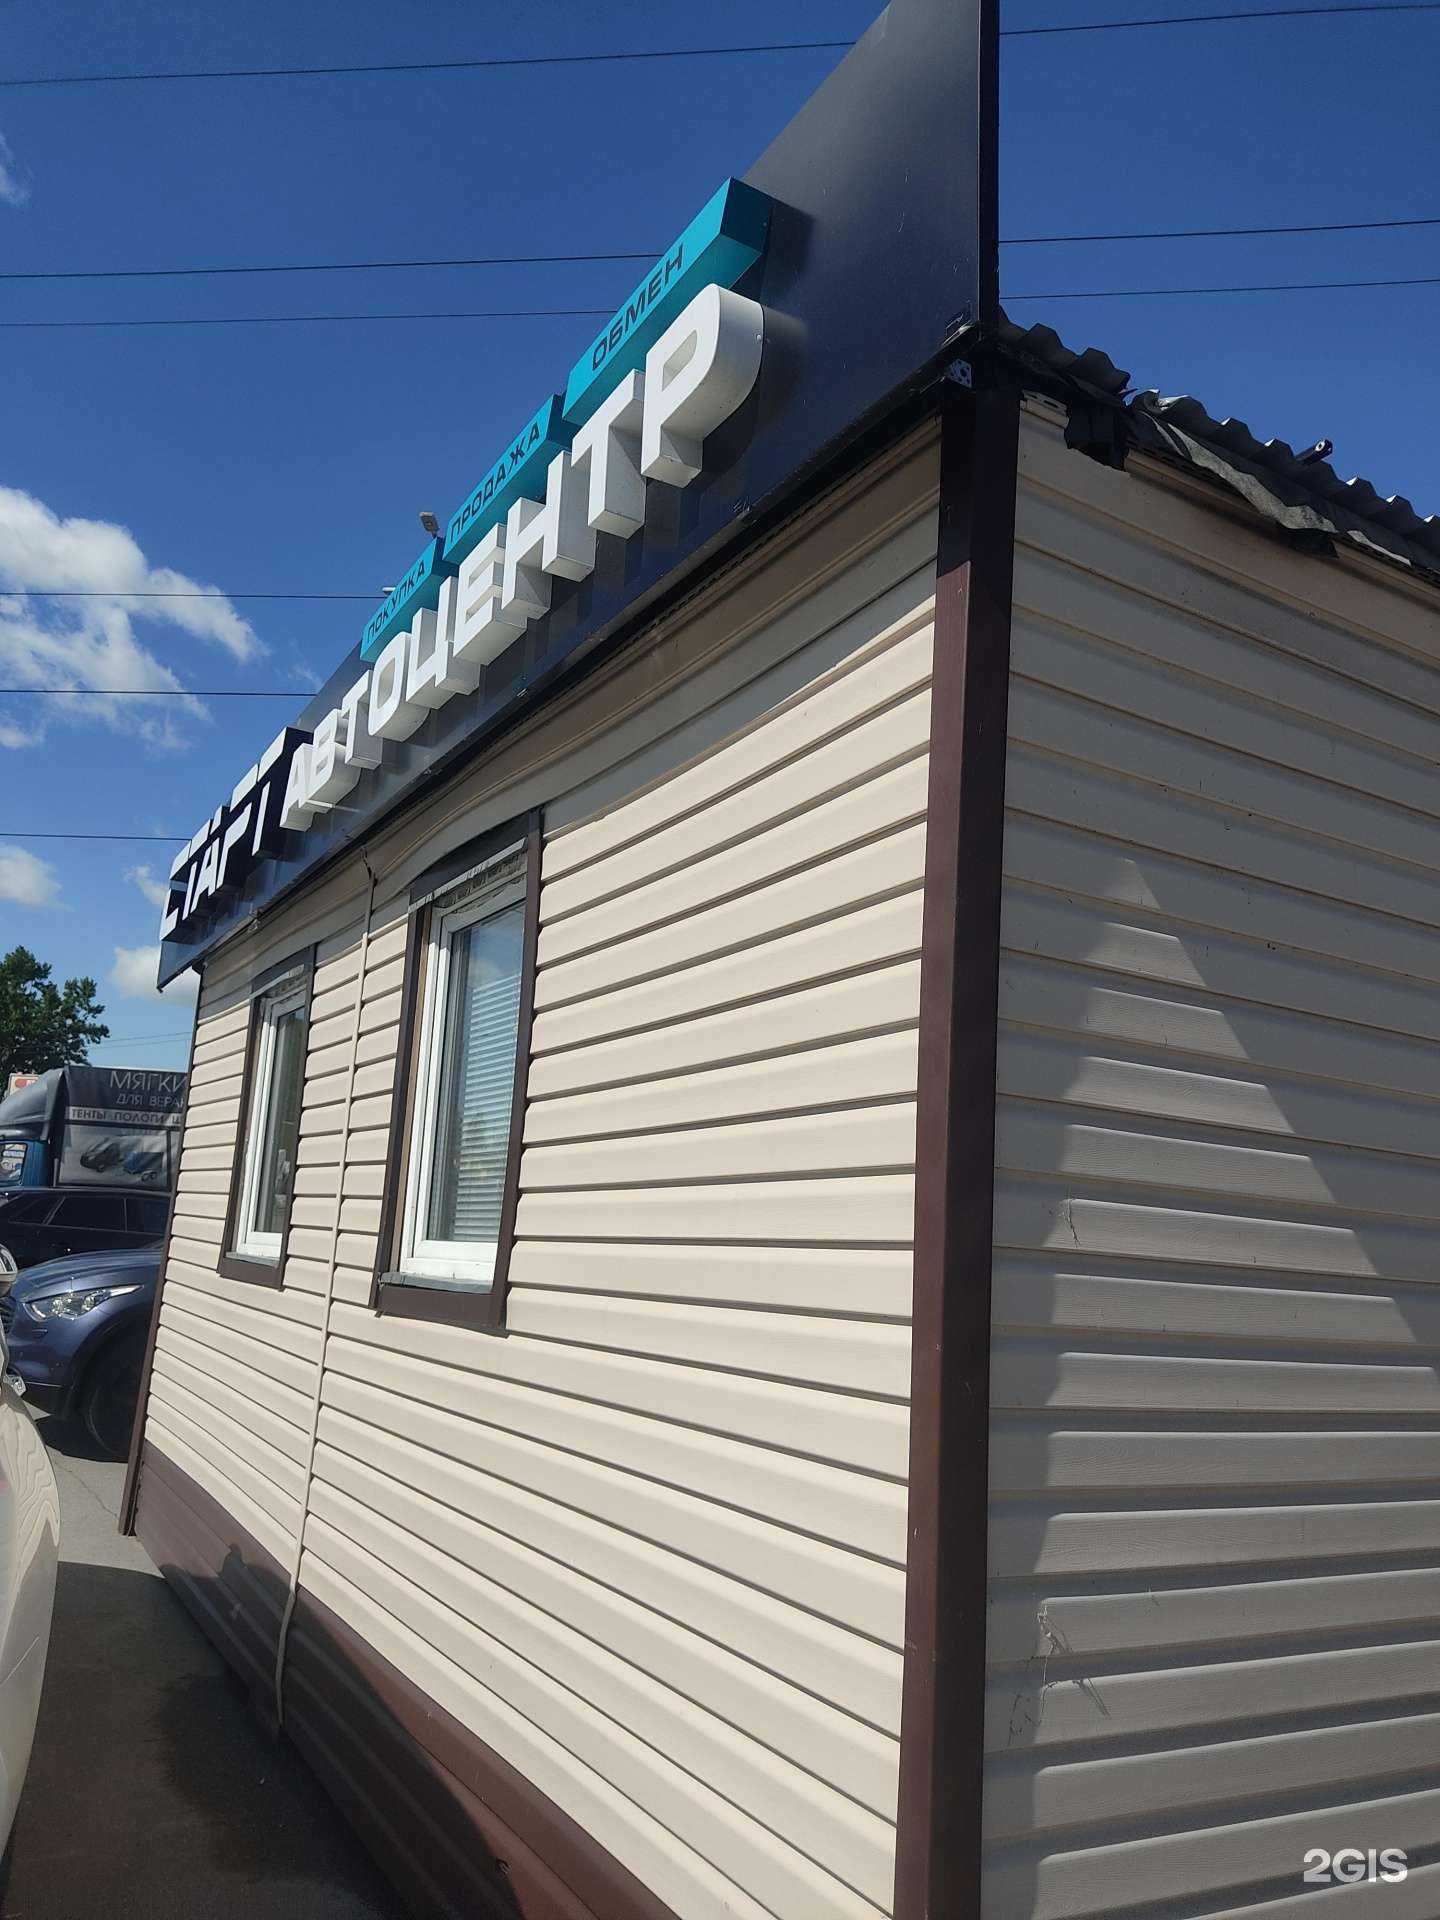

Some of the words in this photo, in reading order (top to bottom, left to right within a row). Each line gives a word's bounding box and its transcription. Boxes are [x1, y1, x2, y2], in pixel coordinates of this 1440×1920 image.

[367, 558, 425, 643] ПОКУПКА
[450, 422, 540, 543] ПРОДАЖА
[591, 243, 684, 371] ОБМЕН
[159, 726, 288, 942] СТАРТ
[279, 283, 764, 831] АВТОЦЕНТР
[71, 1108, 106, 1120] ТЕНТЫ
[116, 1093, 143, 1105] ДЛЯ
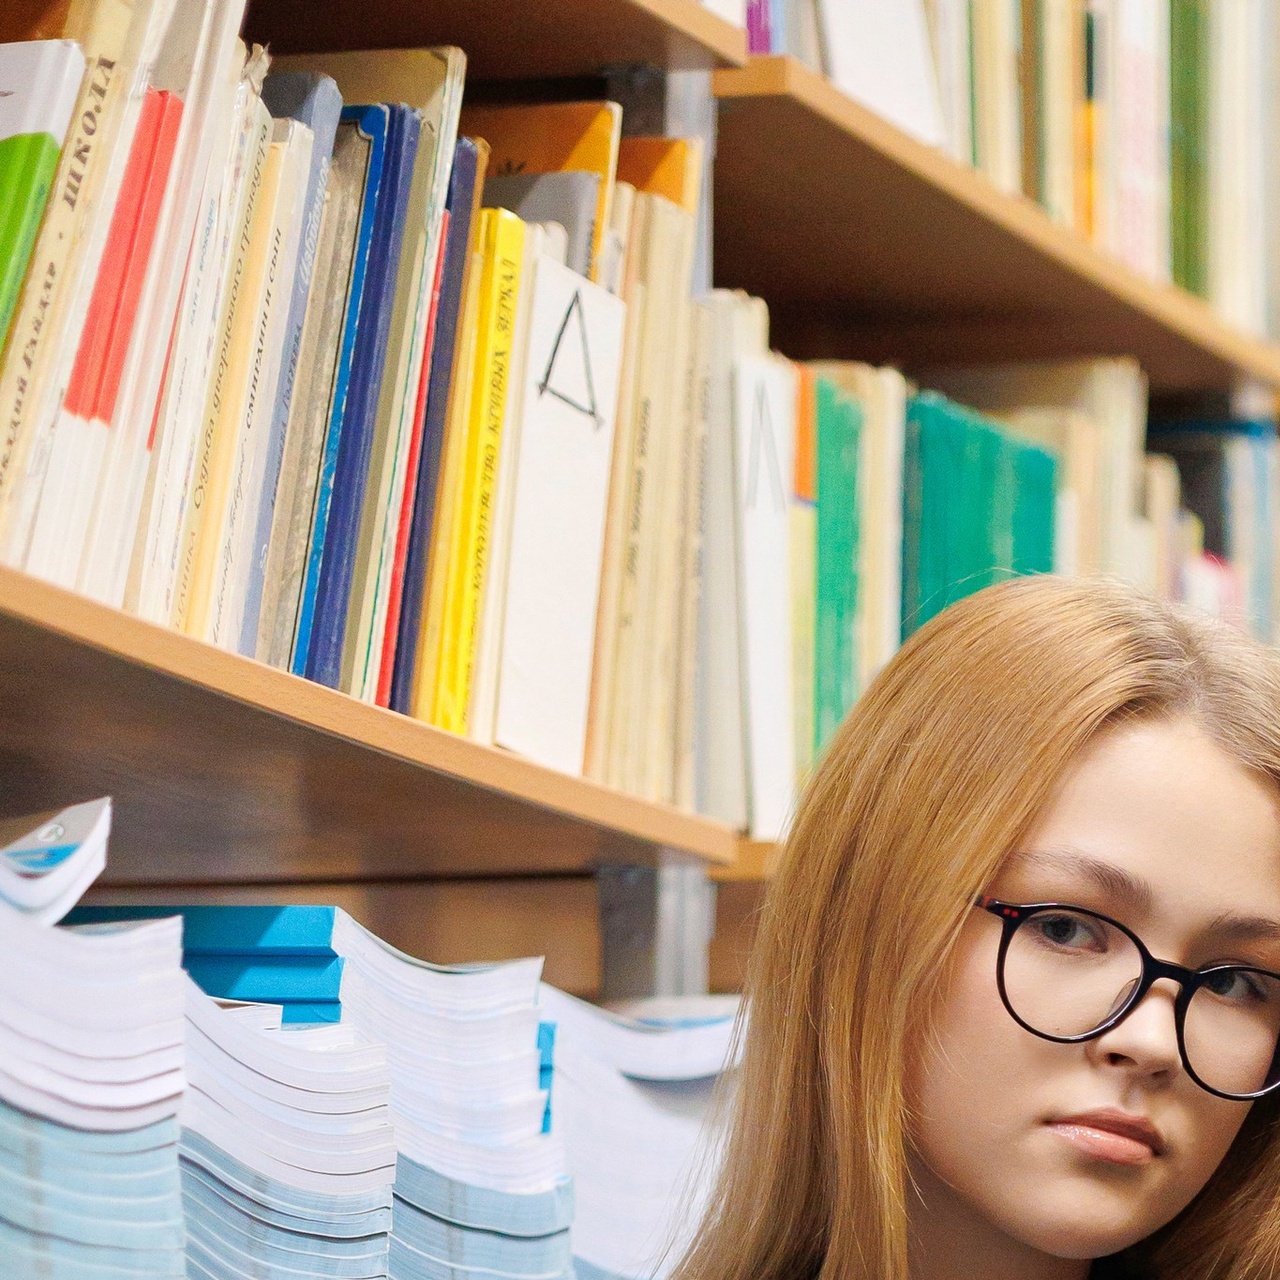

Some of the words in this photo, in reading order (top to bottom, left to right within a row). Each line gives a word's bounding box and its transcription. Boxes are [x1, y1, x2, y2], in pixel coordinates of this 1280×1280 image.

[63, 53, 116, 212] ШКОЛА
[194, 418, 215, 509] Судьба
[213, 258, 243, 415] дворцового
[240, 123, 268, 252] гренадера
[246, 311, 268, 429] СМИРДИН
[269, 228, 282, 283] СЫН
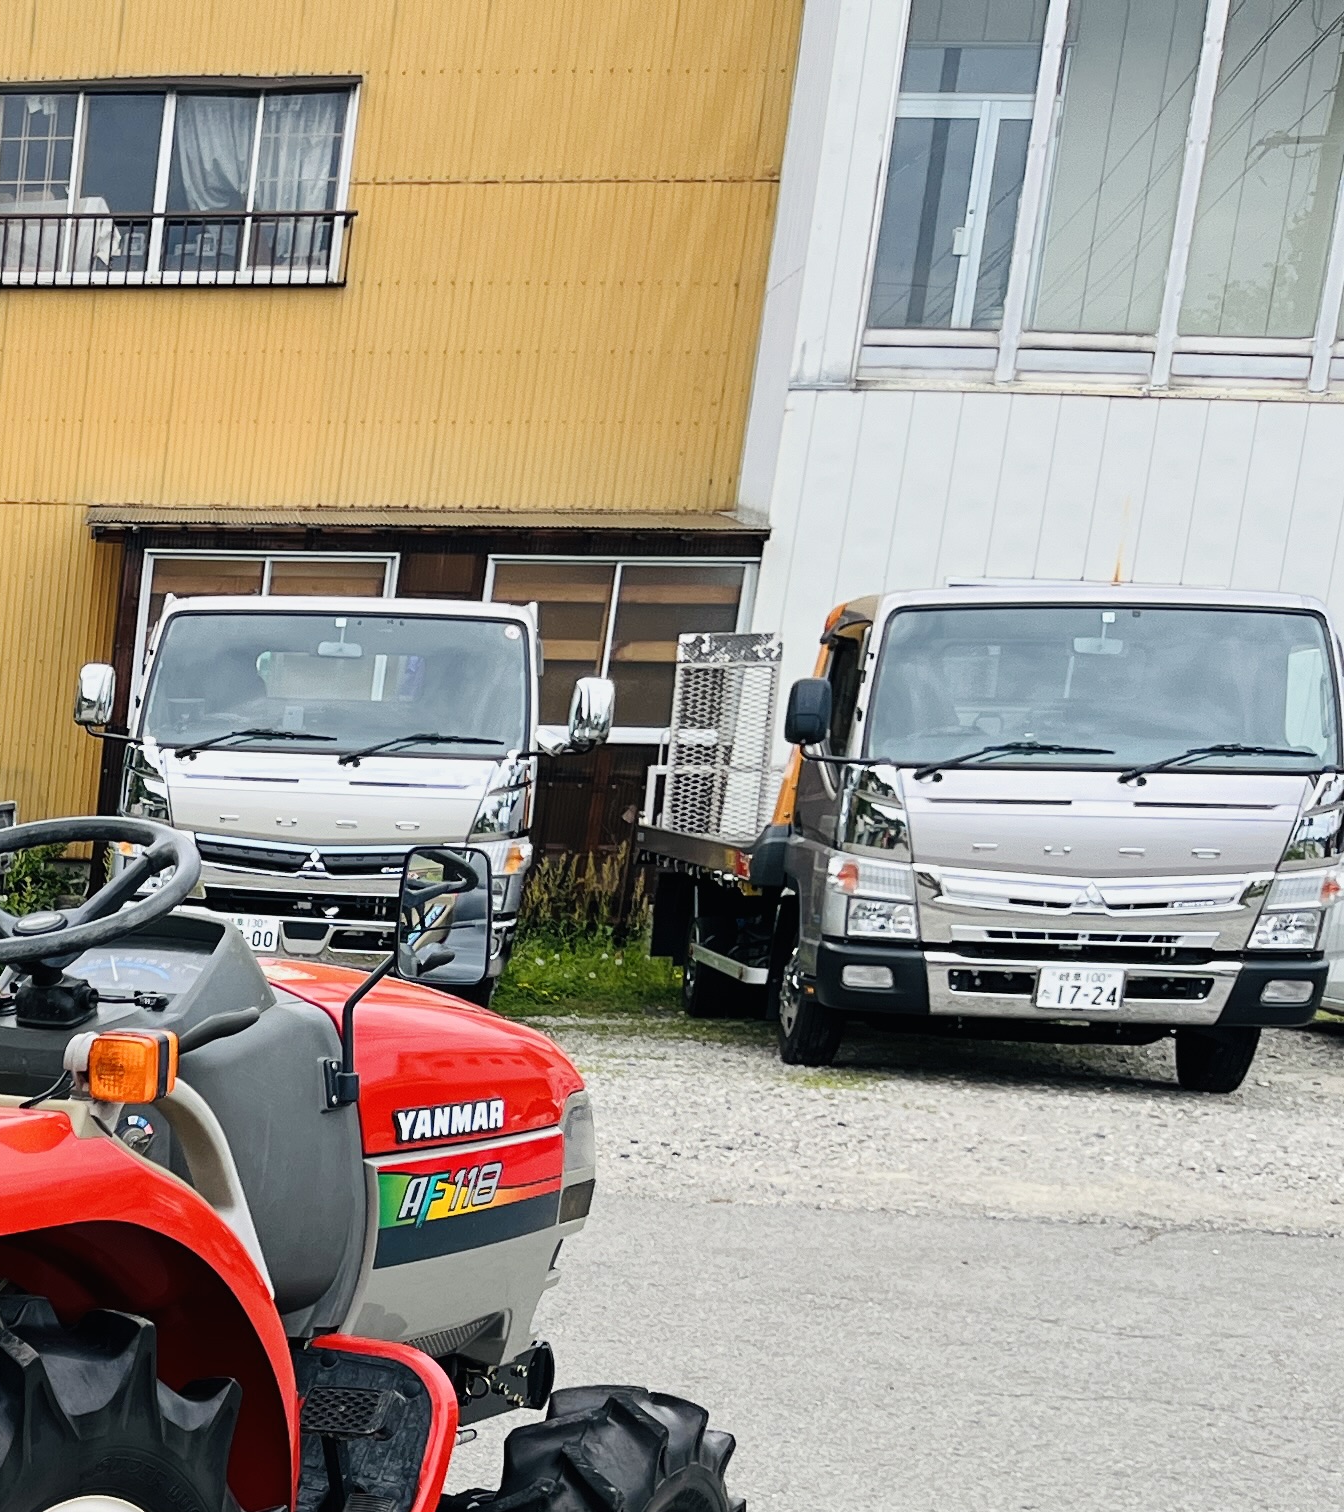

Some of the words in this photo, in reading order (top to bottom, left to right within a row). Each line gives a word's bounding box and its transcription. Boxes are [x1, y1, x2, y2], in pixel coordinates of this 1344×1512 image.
========================
* **About this task**: The answer is the listing above repeated verbatim, minus its images.

* **Answer to this problem**:
Some of the words in this photo, in reading order (top to bottom, left to right within a row). Each line gives a word's bounding box and its transcription. Boxes are [x1, y1, x2, y2], in pixel coordinates of this 1440×1920 image.

[367, 558, 425, 643] ПОКУПКА
[450, 422, 540, 543] ПРОДАЖА
[591, 243, 684, 371] ОБМЕН
[159, 726, 288, 942] СТАРТ
[279, 283, 764, 831] АВТОЦЕНТР
[71, 1108, 106, 1120] ТЕНТЫ
[116, 1093, 143, 1105] ДЛЯ

Some of the words in this photo, in reading order (top to bottom, left to right within a row). Each line gives a word's bounding box and its transcription. Boxes are [x1, y1, x2, y2], in pixel coordinates of this 1280×1280 image.

[63, 53, 116, 212] ШКОЛА
[194, 418, 215, 509] Судьба
[213, 258, 243, 415] дворцового
[240, 123, 268, 252] гренадера
[246, 311, 268, 429] СМИРДИН
[269, 228, 282, 283] СЫН

Some of the words in this photo, in reading order (top to bottom, left to right within a row). Each line gives a word's bounding box and its transcription. Boxes are [x1, y1, x2, y2], in pixel coordinates of this 1344×1512 image.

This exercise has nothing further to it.